• What to do:
Print all entries below exactly, without images.

• Record extracts:
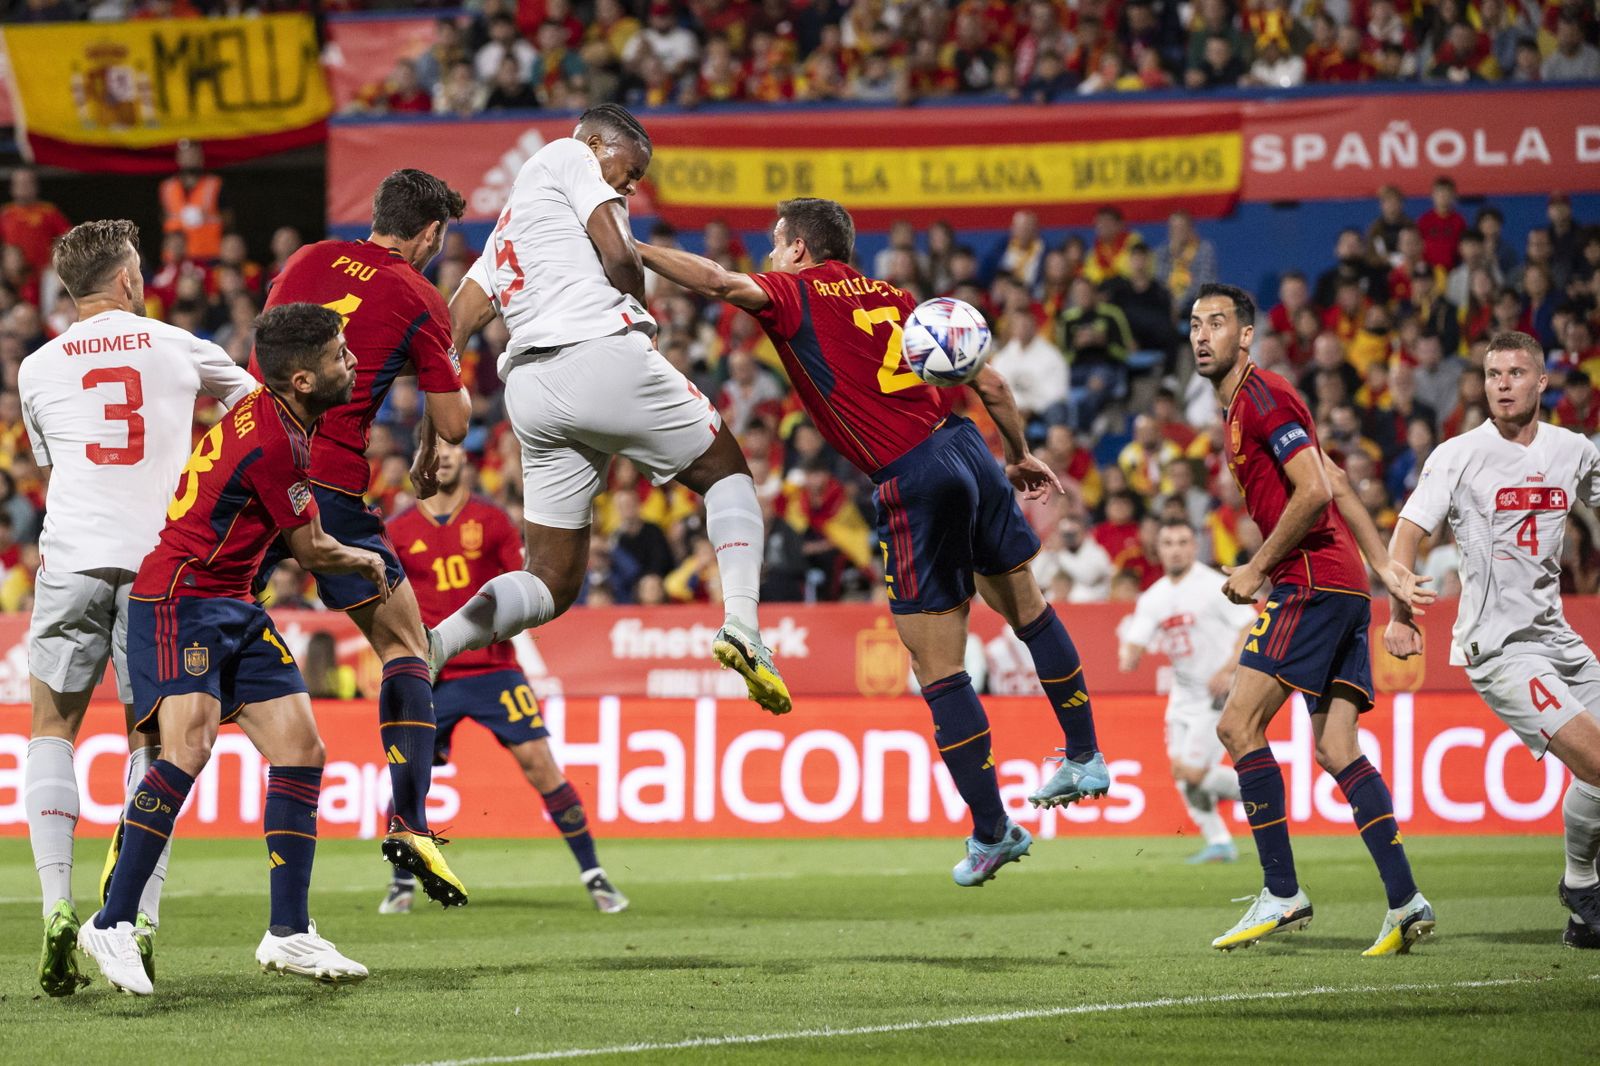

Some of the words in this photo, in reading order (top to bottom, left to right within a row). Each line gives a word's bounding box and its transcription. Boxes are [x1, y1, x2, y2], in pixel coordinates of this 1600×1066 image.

[1251, 120, 1552, 174] SPAÑOLA
[764, 160, 815, 194] DE
[842, 158, 889, 194] LA
[920, 155, 1044, 194] LLANA
[1072, 147, 1226, 188] BURGOS
[331, 255, 379, 282] PAU
[62, 332, 152, 356] WIDMER
[852, 305, 926, 394] 2
[82, 366, 145, 465] 3
[1516, 514, 1539, 556] 4
[431, 554, 471, 592] 10
[1250, 601, 1280, 637] 5
[499, 683, 540, 723] 10
[1529, 676, 1562, 712] 4

• The completed task:
Some of the words in this photo, in reading order (top to bottom, left to right within a row). Each line gives a word's bounding box and its transcription. Boxes are [x1, y1, x2, y2], in pixel coordinates of this 1600×1066 image.

[1251, 120, 1552, 174] SPAÑOLA
[764, 160, 815, 194] DE
[842, 158, 889, 194] LA
[920, 155, 1044, 194] LLANA
[1072, 147, 1226, 188] BURGOS
[331, 255, 379, 282] PAU
[62, 332, 152, 356] WIDMER
[852, 305, 926, 394] 2
[82, 366, 145, 465] 3
[1516, 514, 1539, 556] 4
[431, 554, 471, 592] 10
[1250, 601, 1280, 637] 5
[499, 683, 540, 723] 10
[1529, 676, 1562, 712] 4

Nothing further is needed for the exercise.